Senin, 09 September 2024

Pemberontakan Darul Islam/Tentara Islam Indonesia (DI/TII) - Jawa Barat

Pemberontakan Darul Islam/ Tentara Islam Indonesia (DI/TII) merupakan pemberontakan yang bertujuan memisahkan diri dari NKRI dan membentuk Negara Islam Indonesia. Penggagas berdirinya Negara Islam Indonesia (NII) adalah Sekarmadji Maridjan Kartosuwirjo, tokoh Partai Sarekat Islam Indonesia (PSII). Pemberontakan ini diawali dengan diproklamasikannya berdirinya Negara Islam Indonesia pada 7 Agustus 1949 oleh Kartosuwirjo. Pengaruh Kartosuwirjo kemudian berkembang di berbagai wilayah di Indonesia, di antaranya di Jawa Tengah dipimpin oleh Amis Fatah, di Sulawesi dipimpin oleh Kahar Muzakkar, di Aceh dipimpin oleh Daud Beureuh, dan di Kalimantan Selatan dipimpin oleh Ibnu Hajar. 

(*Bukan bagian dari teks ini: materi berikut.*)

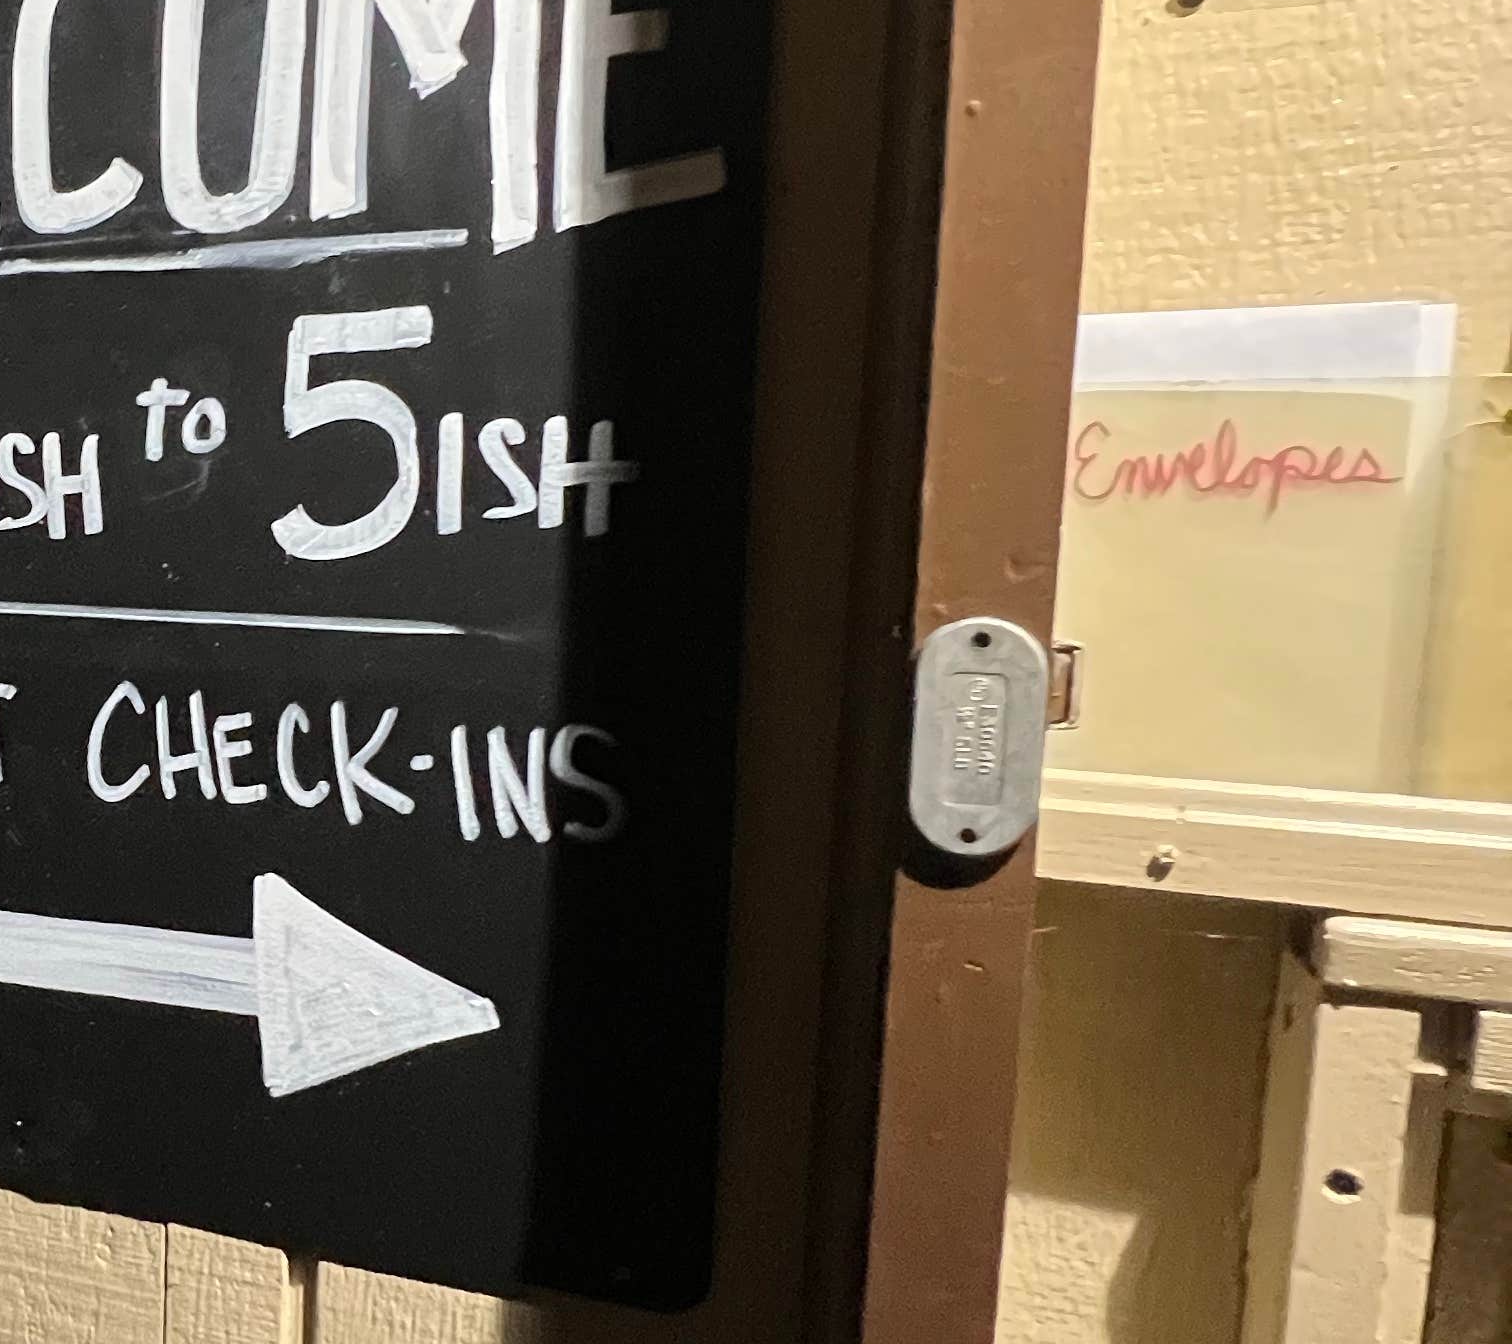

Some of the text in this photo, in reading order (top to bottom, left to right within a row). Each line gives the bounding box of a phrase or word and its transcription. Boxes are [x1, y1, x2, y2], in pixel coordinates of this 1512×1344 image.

[135, 377, 227, 463] to
[1074, 419, 1404, 522] Envelopes
[87, 680, 628, 843] CHECK-INS

Latar Belakang DI/TII Jawa Barat

Gagasan utama mendirikan Negara Islam Indonesia (NII) sebenarnya sudah muncul pada masa pendudukan Jepang. Untuk merealisasikan gagasannya, langkah awalyang ditempuh Kartosuwirjo adalah mendirikan Institut (pesantren) Suffah untuk merekrut para pengikutnya. Selain sebagai tempat pendidikan Islam, juga digunakan sebagai tempat latihan kemiliteran bagi pemuda Islam, yaitu Hizbullah dan Sabilillah, serta pusat penyebaran propaganda tentang pembentukan negara Islam.

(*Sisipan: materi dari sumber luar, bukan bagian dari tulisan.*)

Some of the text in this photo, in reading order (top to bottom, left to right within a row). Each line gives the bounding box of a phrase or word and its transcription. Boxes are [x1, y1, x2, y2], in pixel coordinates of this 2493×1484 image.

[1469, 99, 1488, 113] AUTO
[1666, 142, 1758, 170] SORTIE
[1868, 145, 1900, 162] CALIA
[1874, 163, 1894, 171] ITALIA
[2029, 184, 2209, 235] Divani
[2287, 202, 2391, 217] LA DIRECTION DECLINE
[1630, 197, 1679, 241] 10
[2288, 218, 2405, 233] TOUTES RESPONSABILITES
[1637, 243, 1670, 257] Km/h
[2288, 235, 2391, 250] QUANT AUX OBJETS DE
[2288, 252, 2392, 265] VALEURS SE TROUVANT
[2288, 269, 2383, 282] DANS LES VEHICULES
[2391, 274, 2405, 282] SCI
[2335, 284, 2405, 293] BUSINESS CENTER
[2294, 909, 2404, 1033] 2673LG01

Setelah Agresi Militer Belanda I, tepatnya pada 14 Agustus 1947, Kartosuwirjo menyatakan perlawanannya terhadap Belanda. Kartosuwirjo menolak hasil Persetujuan Renville yang ditunjukkan dengan melaksanakan hijrah. Kartosuwirjo bersama pasukan Hizbullah dan Sabilillah yang berjumlah sekitar 400.000 orang tetap memilih tinggal di wilayah Jawa Barat.

Jalannya Pemberontakan DI/TII Jawa Barat

Pada Februari 1948, Kartosuwirjo sebagai sekretaris I Partai Masyumi membeukan kegiatan Masyumi di Jawa Barat. Melalui konferensi di Cisayong, dibentuklah Negara Islam Indonesia (NII) dan Tentara Islam Indonesia (TII) yang dipusatkan di suatu tenpat di daerah pegunungan di sekitar Jawa Barat.

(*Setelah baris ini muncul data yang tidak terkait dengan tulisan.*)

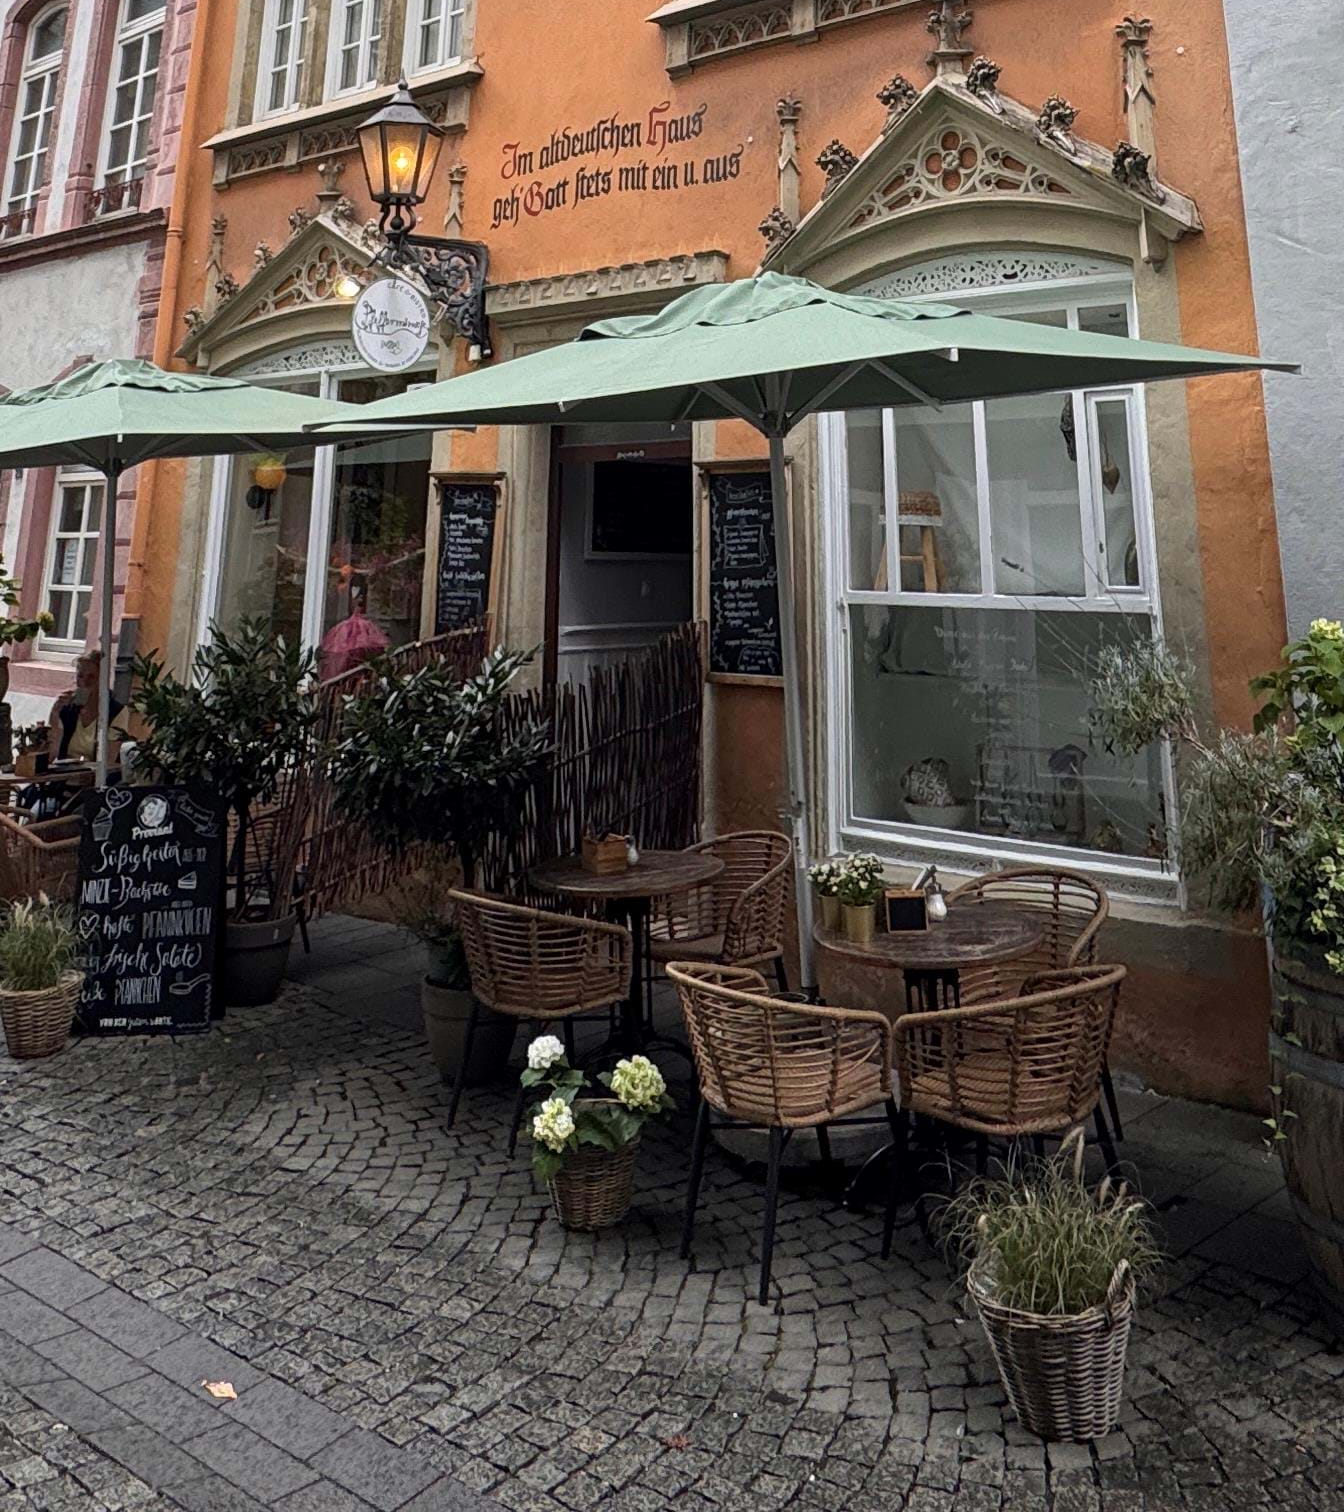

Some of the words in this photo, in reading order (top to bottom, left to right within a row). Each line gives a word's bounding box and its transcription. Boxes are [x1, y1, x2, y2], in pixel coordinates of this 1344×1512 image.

[501, 141, 533, 179] Im
[645, 101, 707, 156] Haus
[523, 180, 569, 216] Gott
[618, 158, 649, 191] mit
[652, 157, 678, 191] ein
[684, 161, 699, 186] u.
[703, 144, 744, 185] aus
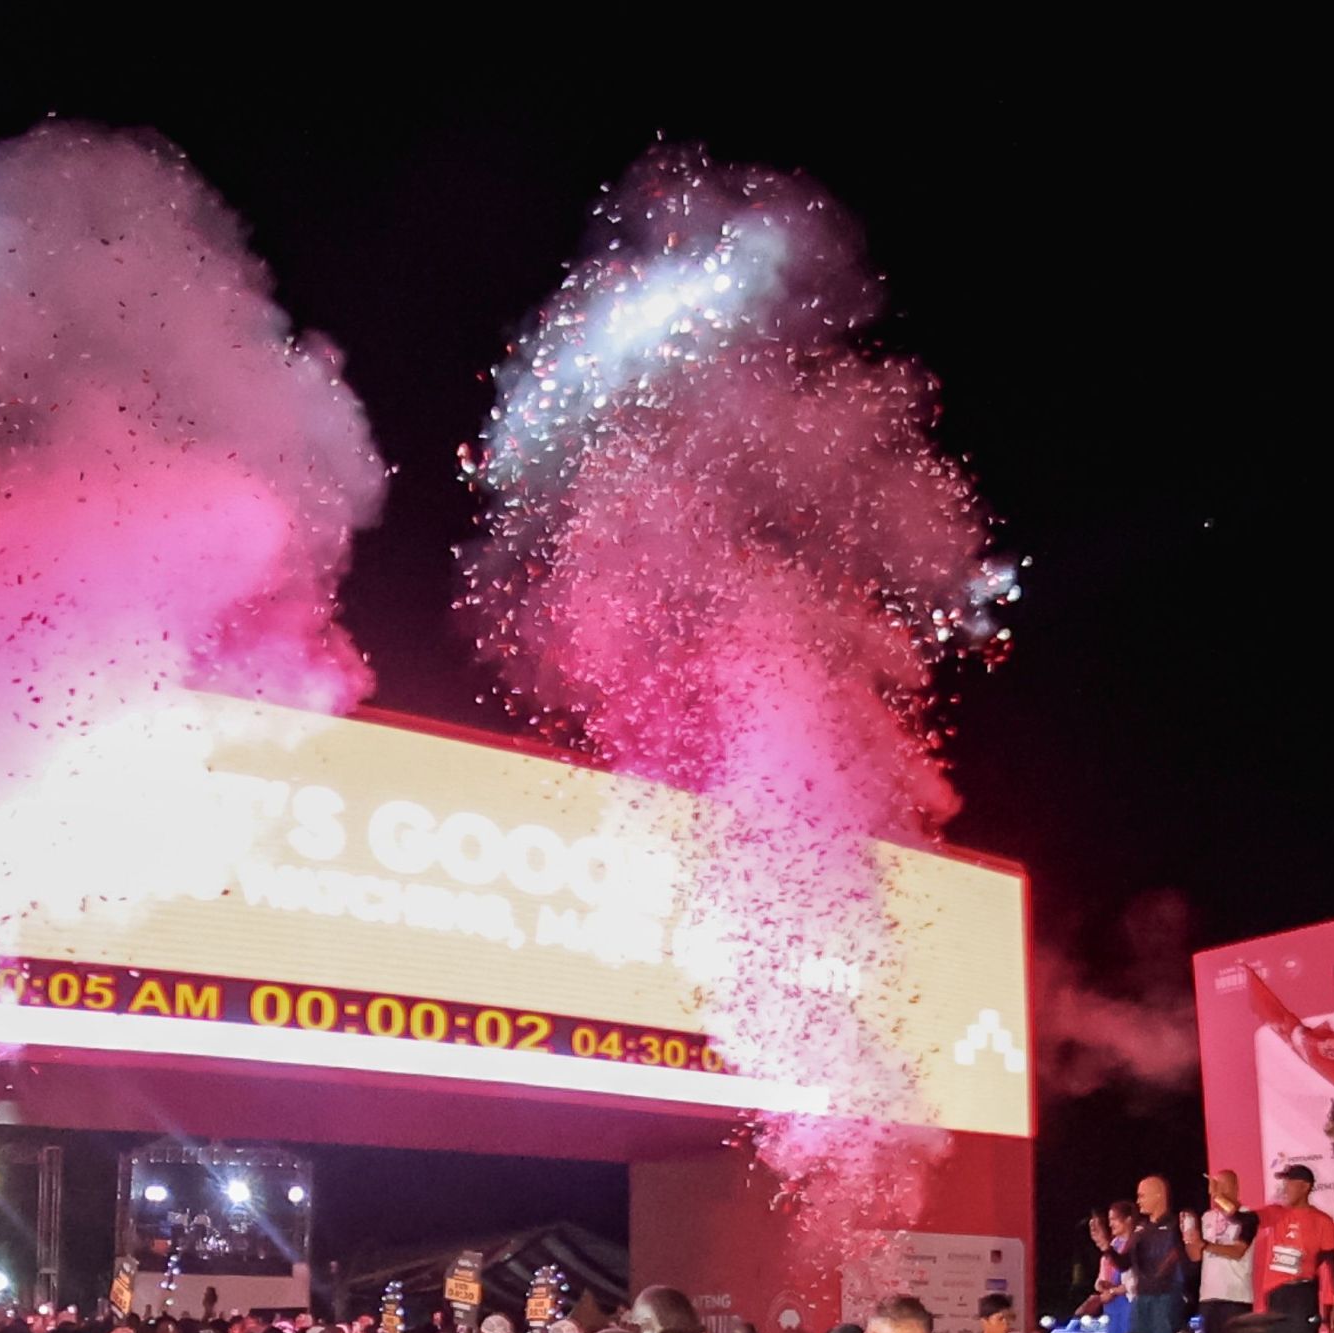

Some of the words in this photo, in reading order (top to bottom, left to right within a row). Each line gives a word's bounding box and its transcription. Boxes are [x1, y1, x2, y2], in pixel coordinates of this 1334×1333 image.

[127, 979, 222, 1020] AM
[249, 985, 552, 1055] 00:00:02
[571, 1027, 726, 1074] 04:30:0

Pada 19 Desember 1948, Belanda melancarkan Agresi Militer II yang mengakibatkan jatuhnya Ibu Kota RI Yogyakarta. Hal ini juga menganggap bahwa Jawa Barat merupakan daerah de facto NII. Pasukan Siliwangi yang melakukan long march dianggap sebagai tentara liar. 

Kontak senjata dengan TNI terjadi pertama kali pada 25 Januari 1949, ketika pasukan Divisi Siliwangi kembali dari Jawa Tengah ke Jawa Barat. Di Jawa Barat, kemudian terjadi perang segitiga antara Tentara Nasional Indonesia, Tentara Islam Indonesia, dan tentara Belanda. Upaya perdamaian dilaksanakan oleh pemerintah melalui M. Natsir yang ketika itu menjabat sebagai pimpinan pusat Masyumi. Namun, upaya tersebut gagal, bahkan pada 7 Agustus 1949, Kartosuwirjo menyatakan dengan resmi berdirinya Negara Islam Indonesia (NII).

Upaya Penumpasan Pemberontakan oleh Pemerintah Indonesia

Penumpasan pemberontakan DI/TII dilakukan melalui jalan damai dan operasi militer. Berikut upaya penumpasan pemberontakan DI/TII.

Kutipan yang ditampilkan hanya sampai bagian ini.